Un estudio tratará de atajar la llegada de especies ajenas asociadas a tráficos marinos

Las invasiones biológicas marinas son hoy "uno de mayores peligros para la biodiversidad a nivel mundial, y la biodiversidad es la base de la economía sostenible marina". Con esta reflexión de partida un grupo de ocho investigadores de la Universidad de Oviedo han puesto en marcha el proyecto "Blueports", que fue presentado ayer en el Antiguo Instituto con el objetivo de atajar la llegada de especies ajenas asociadas a los tráficos marítimos.
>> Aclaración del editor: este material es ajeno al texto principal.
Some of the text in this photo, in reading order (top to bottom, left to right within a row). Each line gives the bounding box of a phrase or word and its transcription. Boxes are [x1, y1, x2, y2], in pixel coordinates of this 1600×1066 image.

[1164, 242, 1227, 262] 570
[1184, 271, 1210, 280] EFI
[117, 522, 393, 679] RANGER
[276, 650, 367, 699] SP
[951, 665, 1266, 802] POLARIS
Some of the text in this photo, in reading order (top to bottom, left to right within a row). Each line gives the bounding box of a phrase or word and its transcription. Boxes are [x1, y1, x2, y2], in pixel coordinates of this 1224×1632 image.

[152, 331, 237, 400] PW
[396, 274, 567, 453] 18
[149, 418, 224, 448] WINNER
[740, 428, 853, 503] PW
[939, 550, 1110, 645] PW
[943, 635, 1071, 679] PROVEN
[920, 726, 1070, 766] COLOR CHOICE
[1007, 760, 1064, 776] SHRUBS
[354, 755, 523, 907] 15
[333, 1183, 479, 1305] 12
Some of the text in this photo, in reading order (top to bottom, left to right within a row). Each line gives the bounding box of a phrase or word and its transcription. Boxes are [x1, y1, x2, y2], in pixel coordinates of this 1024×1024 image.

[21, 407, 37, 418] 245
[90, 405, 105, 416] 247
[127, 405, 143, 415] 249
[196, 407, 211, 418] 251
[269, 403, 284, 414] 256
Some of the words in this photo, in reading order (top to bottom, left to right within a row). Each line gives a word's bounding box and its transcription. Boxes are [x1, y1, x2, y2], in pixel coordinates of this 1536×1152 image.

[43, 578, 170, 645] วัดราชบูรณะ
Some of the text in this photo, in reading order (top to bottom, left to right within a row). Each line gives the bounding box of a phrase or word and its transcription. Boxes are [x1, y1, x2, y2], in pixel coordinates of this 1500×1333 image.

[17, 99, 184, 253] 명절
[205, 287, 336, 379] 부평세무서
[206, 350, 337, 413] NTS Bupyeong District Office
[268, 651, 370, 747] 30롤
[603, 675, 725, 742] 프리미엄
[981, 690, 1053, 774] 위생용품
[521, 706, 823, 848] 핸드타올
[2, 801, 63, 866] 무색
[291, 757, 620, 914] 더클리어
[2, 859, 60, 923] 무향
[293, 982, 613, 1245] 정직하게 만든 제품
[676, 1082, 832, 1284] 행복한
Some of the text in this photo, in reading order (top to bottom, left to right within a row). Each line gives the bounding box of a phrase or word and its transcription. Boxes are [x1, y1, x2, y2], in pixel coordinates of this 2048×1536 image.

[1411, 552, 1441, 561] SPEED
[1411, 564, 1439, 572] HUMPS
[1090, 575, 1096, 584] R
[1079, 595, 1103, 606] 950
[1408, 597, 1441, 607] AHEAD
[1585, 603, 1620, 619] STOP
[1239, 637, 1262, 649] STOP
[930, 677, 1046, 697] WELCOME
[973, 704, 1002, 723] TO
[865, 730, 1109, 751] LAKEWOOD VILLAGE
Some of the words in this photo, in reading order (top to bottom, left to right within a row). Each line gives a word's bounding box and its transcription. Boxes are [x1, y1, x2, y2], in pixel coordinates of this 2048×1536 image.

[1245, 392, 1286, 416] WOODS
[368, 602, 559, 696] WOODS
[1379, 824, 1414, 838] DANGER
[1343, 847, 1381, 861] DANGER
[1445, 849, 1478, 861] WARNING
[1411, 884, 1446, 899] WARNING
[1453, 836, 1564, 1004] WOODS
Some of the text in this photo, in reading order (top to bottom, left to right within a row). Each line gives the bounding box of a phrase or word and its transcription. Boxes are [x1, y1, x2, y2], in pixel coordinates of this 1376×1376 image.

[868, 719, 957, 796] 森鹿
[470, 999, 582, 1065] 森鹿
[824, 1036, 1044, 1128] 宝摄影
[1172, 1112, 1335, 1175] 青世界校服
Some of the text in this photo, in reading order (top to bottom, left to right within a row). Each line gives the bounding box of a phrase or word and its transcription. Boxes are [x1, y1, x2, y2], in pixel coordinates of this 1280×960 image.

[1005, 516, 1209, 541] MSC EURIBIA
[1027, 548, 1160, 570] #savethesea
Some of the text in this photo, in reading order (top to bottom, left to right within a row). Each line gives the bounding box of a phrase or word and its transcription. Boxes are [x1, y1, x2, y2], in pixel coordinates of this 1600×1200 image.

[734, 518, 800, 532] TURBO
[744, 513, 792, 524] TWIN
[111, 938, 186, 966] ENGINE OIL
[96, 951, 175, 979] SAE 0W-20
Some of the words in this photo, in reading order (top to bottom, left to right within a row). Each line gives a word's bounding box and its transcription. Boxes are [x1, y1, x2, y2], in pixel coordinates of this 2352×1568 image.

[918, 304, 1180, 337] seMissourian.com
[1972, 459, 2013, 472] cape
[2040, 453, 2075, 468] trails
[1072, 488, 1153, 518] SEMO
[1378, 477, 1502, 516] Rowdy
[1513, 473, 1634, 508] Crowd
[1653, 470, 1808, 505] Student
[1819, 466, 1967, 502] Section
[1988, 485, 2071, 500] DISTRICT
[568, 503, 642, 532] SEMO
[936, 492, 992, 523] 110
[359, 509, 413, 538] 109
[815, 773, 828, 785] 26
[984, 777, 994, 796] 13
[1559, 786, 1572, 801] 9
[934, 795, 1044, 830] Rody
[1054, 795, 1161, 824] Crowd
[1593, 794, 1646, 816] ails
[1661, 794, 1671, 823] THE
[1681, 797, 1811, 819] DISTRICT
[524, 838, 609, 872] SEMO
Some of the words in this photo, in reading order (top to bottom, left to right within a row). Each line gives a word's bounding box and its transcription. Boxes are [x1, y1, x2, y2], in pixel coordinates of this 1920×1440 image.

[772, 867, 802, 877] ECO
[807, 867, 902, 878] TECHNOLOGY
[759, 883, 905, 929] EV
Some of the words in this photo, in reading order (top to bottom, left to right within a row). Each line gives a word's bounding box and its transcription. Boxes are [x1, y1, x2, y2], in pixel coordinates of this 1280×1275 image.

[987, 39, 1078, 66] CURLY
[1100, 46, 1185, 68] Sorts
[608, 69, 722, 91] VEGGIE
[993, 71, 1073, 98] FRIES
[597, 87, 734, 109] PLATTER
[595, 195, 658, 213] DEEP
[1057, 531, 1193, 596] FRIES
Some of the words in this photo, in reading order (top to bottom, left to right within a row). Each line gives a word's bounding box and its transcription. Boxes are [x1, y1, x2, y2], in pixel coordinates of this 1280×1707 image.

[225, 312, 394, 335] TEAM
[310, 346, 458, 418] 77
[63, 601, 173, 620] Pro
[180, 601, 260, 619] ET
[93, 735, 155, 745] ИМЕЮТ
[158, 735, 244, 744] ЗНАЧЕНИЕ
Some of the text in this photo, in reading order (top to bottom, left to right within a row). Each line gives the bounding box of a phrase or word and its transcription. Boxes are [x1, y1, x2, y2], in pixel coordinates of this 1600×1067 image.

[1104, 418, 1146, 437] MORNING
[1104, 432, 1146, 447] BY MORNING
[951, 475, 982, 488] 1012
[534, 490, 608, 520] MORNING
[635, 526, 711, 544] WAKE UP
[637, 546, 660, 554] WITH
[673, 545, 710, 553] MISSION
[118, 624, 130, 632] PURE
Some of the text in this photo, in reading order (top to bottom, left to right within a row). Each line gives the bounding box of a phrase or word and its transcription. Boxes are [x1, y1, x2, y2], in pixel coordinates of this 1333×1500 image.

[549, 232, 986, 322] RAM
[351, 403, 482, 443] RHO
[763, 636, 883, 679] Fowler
En este sentido, "los puertos son las principales puertas de entrada de biota exótica, a través de especies incrustantes y de agua de lastre", explica el coordinador del proyecto, el profesor Eduardo Dopico. Y como la erradicación es más difícil en etapas tardías de invasión que en etapas tempranas, "se necesitan nuevas estrategias para la prevención eficaz y la detección temprana de organismos dañinos", sostiene. Así, entre los objetivos del programa figuran la creación de un mapa de riesgos de invasión biológica tomando como caso de estudio el puerto de Gijón, basado en tráfico marítimo en las rutas y puertos anteriores de atraco de los barcos que entren en dicho puerto, junto con un análisis de los organismos vivos que permitan hacer un inventario de los mismos.

Además, se trataría de evaluar los riesgos derivados del agua de lastre, en función del puerto de origen de los barcos y la ruta seguida, además de crear "un mapa social de intereses, conocimiento y valores sobre biodiversidad marina y bioseguridad de los ciudadanos gijoneses" . Sobre todo ello se celebrarán charlas en las próximas semanascon la colaboración de la Fundación Municipal de Cultura de Gijón y la red de Centros Municipales Integrados, con la idea de crear una batería de actividades de divulgación científica. Con todo ello, se lograría "introducir el concepto de gestión portuaria azul (sostenible) en entornos educativos", recalca Dopico, con actividades programadas también en los colegios. Y sólo así, la sostenibilidad sería cosa de todos.